I think I had a day like that yesterday.
It all started when I read a posting on Undeadly.org announcing that OpenBSD was dropping support for the VAX platform:
http://undeadly.org/cgi?action=article&sid=20160309192510
As I read the posting, especially after seeing the part where it said “after much internal discussion”, I groaned. Literally groaned out loud.
You see, if we roll the clock back to January, I had picked up a dirt cheap VAXstation 3100 on eBay and was working on getting OpenBSD-current up and running on it. When I looked at my favorite mirror, however, I couldn’t find packages in the “snapshot” subdirectory for the VAX architecture.

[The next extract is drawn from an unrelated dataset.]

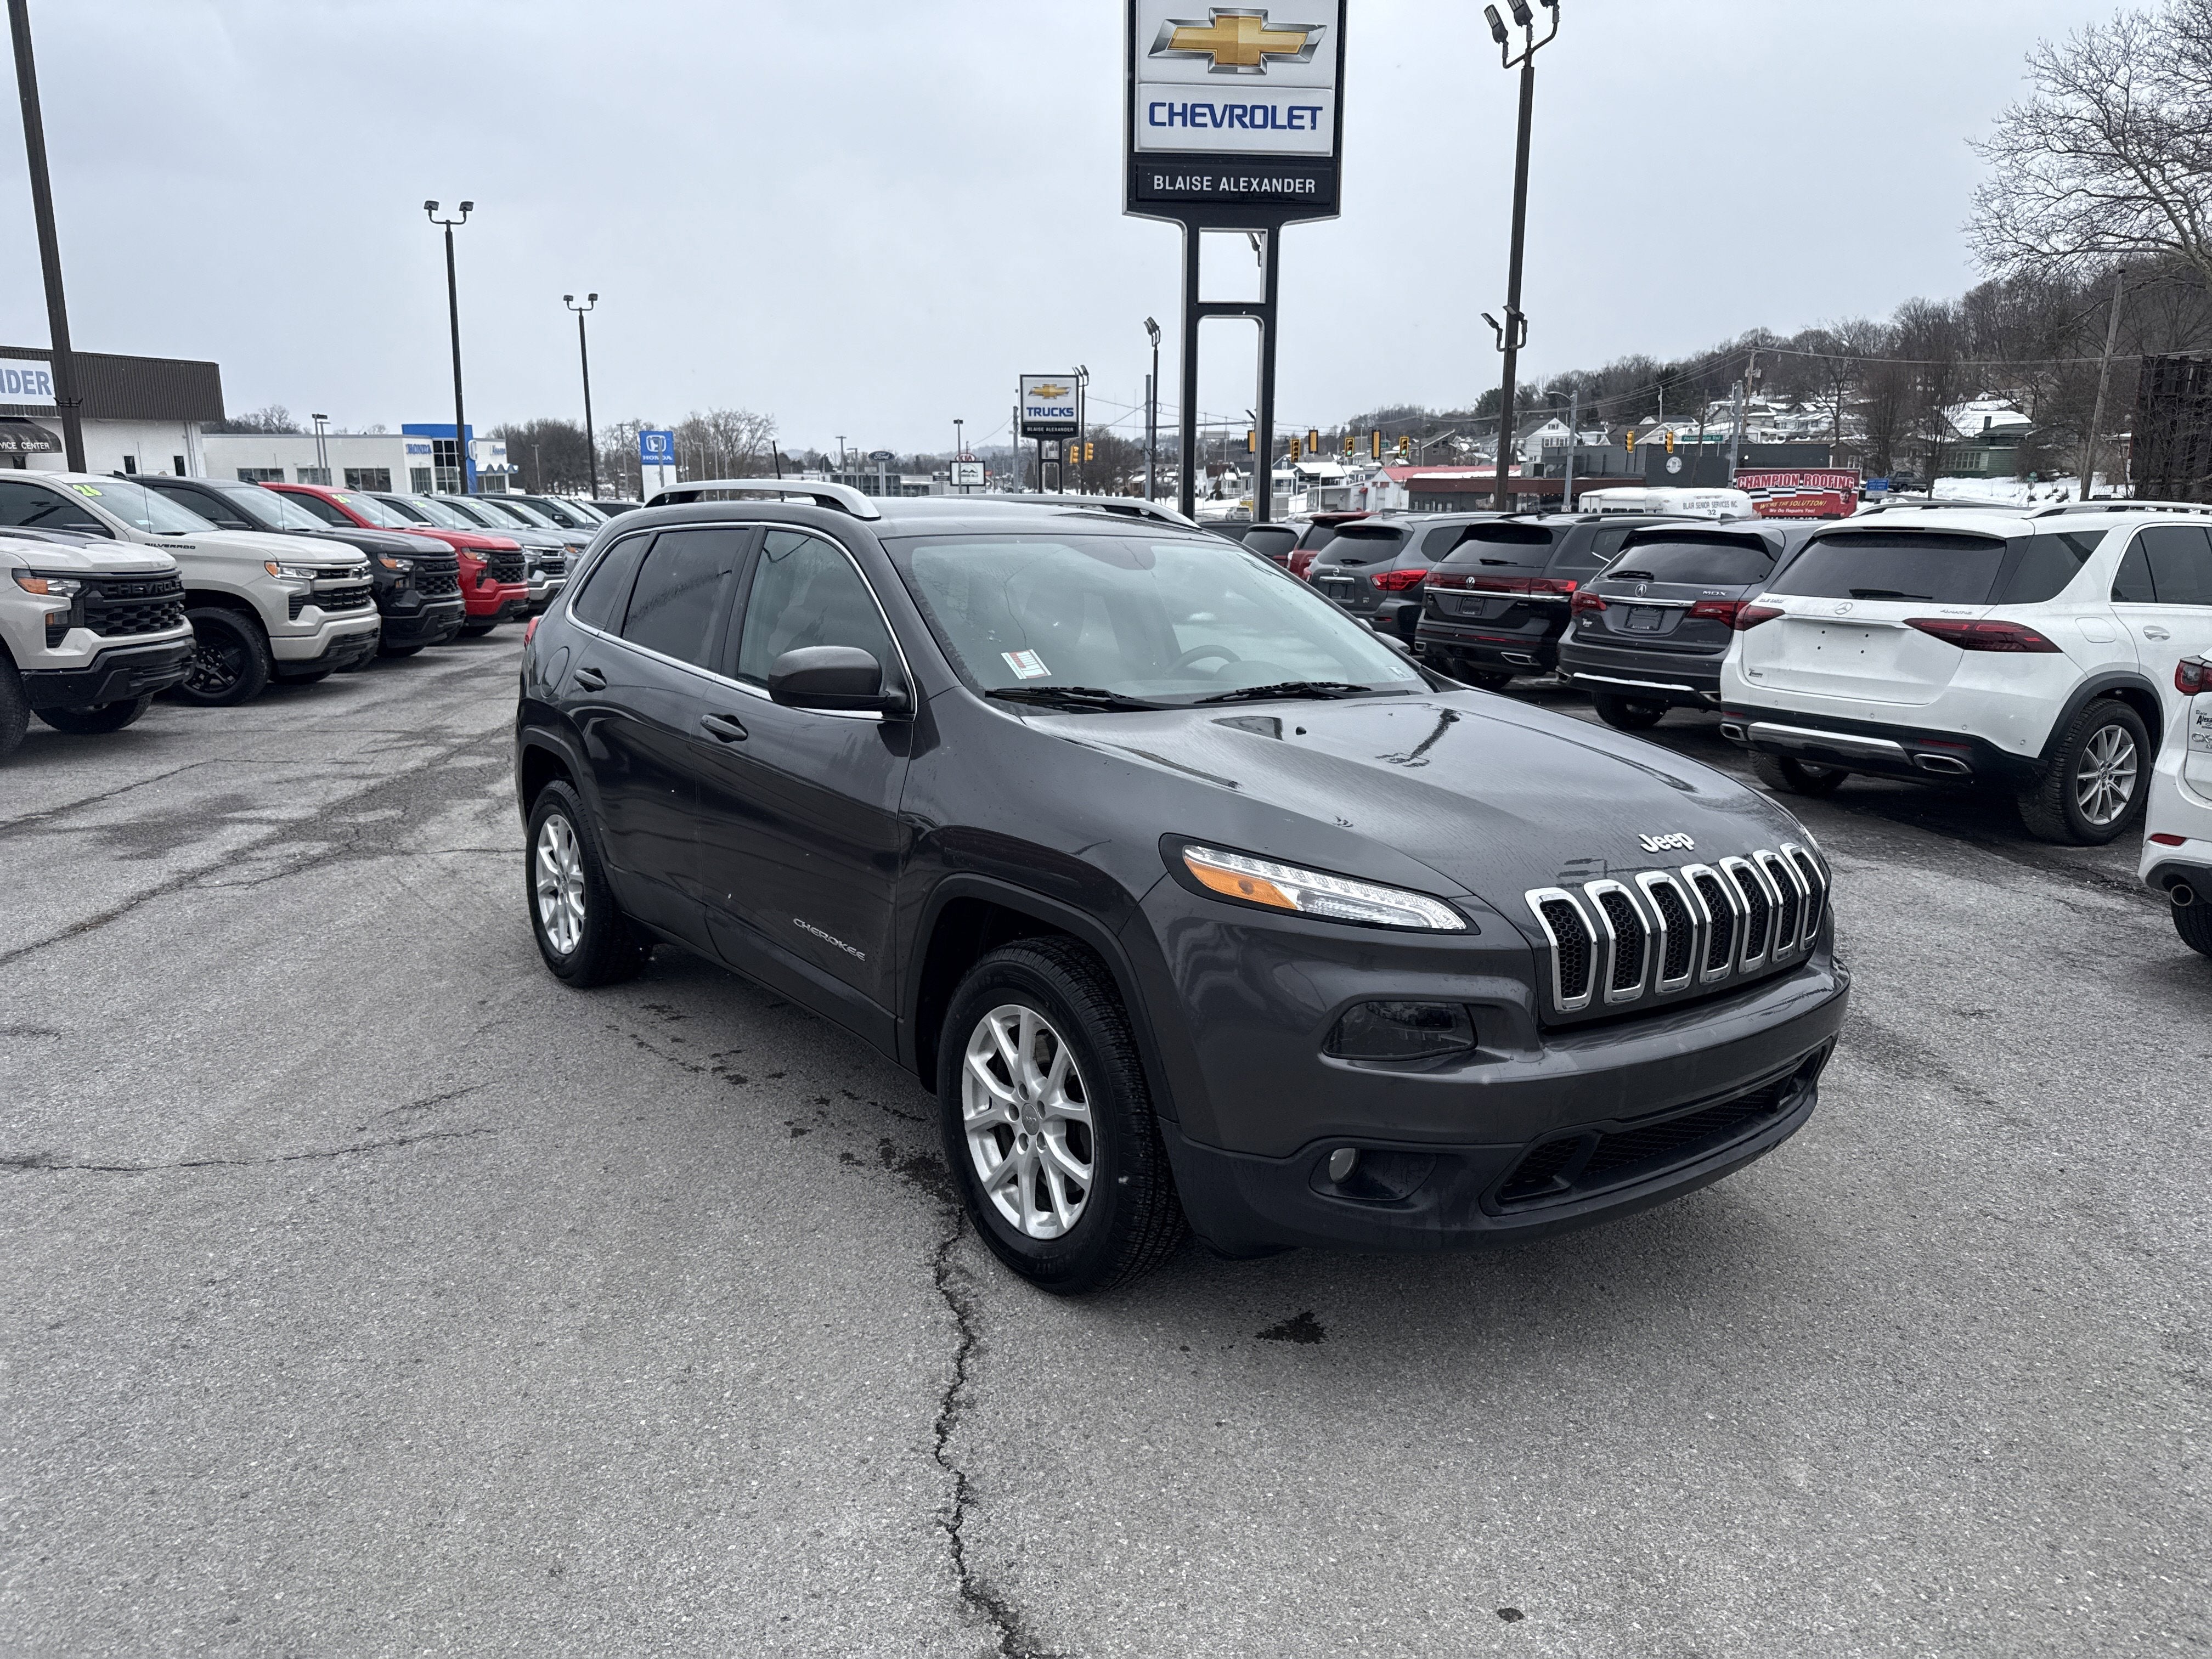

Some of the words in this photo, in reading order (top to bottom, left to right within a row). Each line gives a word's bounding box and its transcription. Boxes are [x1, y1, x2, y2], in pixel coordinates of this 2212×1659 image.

Being the n00b that I am, I posted to the misc@ mailing list and asked the question that I fear started this whole snowball rolling: “I can’t find -current packages for the VAX, are we dropping support in 5.9 for it?”
https://marc.info/?l=openbsd-misc&m=145357927822796&w=2
Really quickly, someone answered back that we weren’t building packages on that platform because it took so long and that we typically build them near the end of the release cycle. No big deal, I went on with my day.
Well, if you follow the thread (and I clearly wasn’t doing so), it goes on until we see Theo weigh in sometime later and… I fear I was the guy who accidentally kill the VAX support in OpenBSD. I’m like the people who keep killing Kenny on South Park.
RIP OpenBSD VAX
Nah.. it was already on the chopping block, many things contributed, internal discussions were also ongoing.
Go get http://nyftp.netbsd.org/pub/NetBSD-daily/HEAD/201603081220Z/vax/
I tun it occasionaly under SIMH.
I feel like I contributed to a similar thing for NetBSD/i386 on actual 80386 hardware. Being NetBSD, it took two broken major releases before the removal of support was actually codified. (Having a 80387 might’ve extended that. I haven’t checked.)
I agree with David Brownlee’s point in https://mail-index.netbsd.org/port-i386/2012/08/28/msg002908.html that it’s easy to leave support for something that doesn’t affect other ports, but also see OpenBSD’s point that if a port isn’t being actively maintained, that it needs to go away.
I still have a 12.5MHz pmax (decstation) that I poke on occasion, and I still feel like I haven’t quite wrapped my head around how much OSes have grown to consume existing computing resources in the last couple decades.